72. Les tribunaux de commerce ne sont pas compétens pour con naitre des contestations qui peuvent s'élever, sur la nature, l'existence et les effets d'une société, entre des tiers et l'un des prétendus associés ( Art. 51, 631 et 632, C. Comm.) (1).

Dans le livre er, tit. 3, sect. 2, dont l'art. 51 fait partie, le Code de Com. s'occupe de la manière de décider les contestations entre associés. Il veut qu'elles soient soumises à des arbitres qui procèdent sous l'autorité du tribunal de commerce. Ces dispositions ne peuvent être appliquées à l'espèce de la question posée, puisque les associés ne sont pas en discussion entre eux, mais avec des tiers.
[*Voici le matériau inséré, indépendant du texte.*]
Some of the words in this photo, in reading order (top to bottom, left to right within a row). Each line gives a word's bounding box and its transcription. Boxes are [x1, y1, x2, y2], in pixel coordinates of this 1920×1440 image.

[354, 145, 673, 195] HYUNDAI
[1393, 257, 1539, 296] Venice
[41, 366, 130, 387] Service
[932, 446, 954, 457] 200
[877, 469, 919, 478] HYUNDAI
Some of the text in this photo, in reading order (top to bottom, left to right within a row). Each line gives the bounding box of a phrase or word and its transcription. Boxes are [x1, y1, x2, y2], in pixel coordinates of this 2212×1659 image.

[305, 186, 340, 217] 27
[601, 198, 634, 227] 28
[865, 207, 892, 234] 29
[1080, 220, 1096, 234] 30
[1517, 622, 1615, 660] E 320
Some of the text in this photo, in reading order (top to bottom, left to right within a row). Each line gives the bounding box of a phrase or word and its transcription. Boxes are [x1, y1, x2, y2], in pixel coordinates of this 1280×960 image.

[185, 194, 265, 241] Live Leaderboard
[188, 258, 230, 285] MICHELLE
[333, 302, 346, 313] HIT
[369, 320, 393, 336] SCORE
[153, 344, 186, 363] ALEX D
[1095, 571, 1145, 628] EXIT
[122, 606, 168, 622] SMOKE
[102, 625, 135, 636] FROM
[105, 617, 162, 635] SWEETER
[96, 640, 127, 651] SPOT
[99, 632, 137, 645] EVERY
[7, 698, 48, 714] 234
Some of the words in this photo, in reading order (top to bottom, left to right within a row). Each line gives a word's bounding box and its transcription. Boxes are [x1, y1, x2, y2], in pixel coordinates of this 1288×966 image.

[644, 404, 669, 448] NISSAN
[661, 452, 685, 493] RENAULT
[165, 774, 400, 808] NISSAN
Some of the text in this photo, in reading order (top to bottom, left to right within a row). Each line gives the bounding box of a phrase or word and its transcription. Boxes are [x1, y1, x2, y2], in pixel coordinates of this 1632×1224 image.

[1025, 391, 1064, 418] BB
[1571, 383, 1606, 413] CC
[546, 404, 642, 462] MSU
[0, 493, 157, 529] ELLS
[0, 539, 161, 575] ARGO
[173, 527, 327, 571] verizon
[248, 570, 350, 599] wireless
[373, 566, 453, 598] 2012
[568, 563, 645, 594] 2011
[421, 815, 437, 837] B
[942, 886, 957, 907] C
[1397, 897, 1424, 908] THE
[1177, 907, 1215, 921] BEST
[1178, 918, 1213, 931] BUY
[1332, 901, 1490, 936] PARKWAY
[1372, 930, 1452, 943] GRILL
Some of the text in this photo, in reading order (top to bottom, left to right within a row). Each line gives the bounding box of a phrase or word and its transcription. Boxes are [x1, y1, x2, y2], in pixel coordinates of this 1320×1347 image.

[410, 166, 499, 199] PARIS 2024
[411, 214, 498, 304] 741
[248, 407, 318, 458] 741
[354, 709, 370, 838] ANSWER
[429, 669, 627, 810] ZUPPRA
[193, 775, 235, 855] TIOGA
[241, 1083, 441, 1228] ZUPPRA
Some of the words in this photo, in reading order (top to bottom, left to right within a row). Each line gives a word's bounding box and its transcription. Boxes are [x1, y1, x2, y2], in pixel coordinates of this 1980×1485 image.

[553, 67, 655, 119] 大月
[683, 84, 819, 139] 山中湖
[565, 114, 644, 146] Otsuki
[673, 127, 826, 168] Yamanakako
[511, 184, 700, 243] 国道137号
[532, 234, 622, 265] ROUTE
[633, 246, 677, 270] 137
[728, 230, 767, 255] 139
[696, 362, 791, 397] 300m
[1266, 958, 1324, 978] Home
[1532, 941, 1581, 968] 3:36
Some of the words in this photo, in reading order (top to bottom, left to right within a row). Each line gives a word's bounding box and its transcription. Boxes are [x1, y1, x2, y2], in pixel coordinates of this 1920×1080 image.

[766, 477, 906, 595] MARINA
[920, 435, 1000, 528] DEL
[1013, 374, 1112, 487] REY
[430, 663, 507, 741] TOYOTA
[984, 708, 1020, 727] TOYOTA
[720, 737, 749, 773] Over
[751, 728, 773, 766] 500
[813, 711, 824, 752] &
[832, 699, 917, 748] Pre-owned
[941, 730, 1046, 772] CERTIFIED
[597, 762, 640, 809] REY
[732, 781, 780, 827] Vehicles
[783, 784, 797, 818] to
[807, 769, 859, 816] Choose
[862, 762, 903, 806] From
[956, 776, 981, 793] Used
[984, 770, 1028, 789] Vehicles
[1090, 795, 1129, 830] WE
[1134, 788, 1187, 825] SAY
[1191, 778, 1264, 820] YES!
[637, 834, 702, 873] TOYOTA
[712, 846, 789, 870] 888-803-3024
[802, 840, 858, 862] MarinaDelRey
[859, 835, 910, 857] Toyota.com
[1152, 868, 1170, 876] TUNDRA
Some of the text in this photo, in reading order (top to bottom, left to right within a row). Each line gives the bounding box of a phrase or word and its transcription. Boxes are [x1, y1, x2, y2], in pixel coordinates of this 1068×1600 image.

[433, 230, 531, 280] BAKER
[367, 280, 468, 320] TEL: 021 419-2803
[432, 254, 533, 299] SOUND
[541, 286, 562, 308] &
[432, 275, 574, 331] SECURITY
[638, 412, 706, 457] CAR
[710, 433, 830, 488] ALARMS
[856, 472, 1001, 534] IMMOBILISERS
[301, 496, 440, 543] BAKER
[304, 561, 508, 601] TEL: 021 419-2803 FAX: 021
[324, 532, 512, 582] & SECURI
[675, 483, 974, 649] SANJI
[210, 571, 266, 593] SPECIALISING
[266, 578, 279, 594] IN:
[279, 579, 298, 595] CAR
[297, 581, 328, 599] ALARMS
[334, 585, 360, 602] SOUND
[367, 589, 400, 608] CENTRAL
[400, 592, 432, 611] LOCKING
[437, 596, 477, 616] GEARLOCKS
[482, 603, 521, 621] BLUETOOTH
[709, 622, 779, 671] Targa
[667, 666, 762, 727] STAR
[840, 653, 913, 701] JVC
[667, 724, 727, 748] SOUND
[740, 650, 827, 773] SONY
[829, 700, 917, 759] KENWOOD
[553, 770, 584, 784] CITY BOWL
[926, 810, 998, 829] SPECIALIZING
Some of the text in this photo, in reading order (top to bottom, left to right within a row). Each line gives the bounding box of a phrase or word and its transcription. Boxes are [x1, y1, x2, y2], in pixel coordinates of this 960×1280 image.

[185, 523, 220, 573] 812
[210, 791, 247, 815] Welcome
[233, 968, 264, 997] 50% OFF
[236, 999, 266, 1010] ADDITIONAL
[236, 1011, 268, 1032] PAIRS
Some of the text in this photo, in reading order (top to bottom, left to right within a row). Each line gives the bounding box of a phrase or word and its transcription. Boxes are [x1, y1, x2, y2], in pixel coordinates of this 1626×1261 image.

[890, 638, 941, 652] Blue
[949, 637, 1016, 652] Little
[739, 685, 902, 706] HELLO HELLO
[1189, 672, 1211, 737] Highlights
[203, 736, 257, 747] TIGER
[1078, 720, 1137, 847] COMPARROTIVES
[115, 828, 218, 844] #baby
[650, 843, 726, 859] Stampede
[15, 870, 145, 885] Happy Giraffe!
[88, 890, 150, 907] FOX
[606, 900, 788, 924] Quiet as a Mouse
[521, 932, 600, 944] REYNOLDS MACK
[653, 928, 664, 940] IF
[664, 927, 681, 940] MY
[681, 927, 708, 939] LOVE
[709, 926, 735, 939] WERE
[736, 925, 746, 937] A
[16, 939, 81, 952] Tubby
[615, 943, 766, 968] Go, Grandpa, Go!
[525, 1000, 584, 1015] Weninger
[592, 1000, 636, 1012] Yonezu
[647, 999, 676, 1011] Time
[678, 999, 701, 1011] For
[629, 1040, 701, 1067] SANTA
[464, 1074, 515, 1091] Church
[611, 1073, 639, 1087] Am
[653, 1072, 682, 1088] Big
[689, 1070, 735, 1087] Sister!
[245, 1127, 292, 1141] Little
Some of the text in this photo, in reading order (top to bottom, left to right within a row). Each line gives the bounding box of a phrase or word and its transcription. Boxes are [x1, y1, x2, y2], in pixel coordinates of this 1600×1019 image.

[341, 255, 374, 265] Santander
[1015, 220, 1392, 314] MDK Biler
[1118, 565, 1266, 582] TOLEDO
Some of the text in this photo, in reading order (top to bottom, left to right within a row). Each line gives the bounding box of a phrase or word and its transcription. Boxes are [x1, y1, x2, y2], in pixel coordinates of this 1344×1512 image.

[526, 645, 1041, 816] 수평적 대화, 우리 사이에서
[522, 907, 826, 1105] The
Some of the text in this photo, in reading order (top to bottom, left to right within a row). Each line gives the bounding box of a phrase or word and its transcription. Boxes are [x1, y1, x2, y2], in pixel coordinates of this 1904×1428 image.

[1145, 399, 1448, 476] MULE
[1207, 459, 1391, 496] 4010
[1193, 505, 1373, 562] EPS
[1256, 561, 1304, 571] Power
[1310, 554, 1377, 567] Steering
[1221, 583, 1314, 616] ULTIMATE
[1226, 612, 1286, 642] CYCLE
D'un autre côté, les attributions des tribunaux de commerce sont fixées par les art. 631 et 632 : ces attributions dérivent moins de la qualité des parties, que de la nature de la contestation; car un marchand ou un banquier, par exemple, n'est justiciable des tribunaux de commerce, que lorsqu'il a fait acte de commerce, ou lorsqu'il s'agit de ses engagemens.· On ne peut d'ailleurs trouver dans le Code aucun article qui déclare les tribunaux de commerce incompétens, dans l'espèce particulière dont il s'agit ici; et c'est le cas d'appliquer le principe reconnu par la Cour de cassation et par le conseil d'état, que les attributions des tribunaux d'exception doivent être renfermées dans les bornes que la loi leur a assignées. ( Coff. )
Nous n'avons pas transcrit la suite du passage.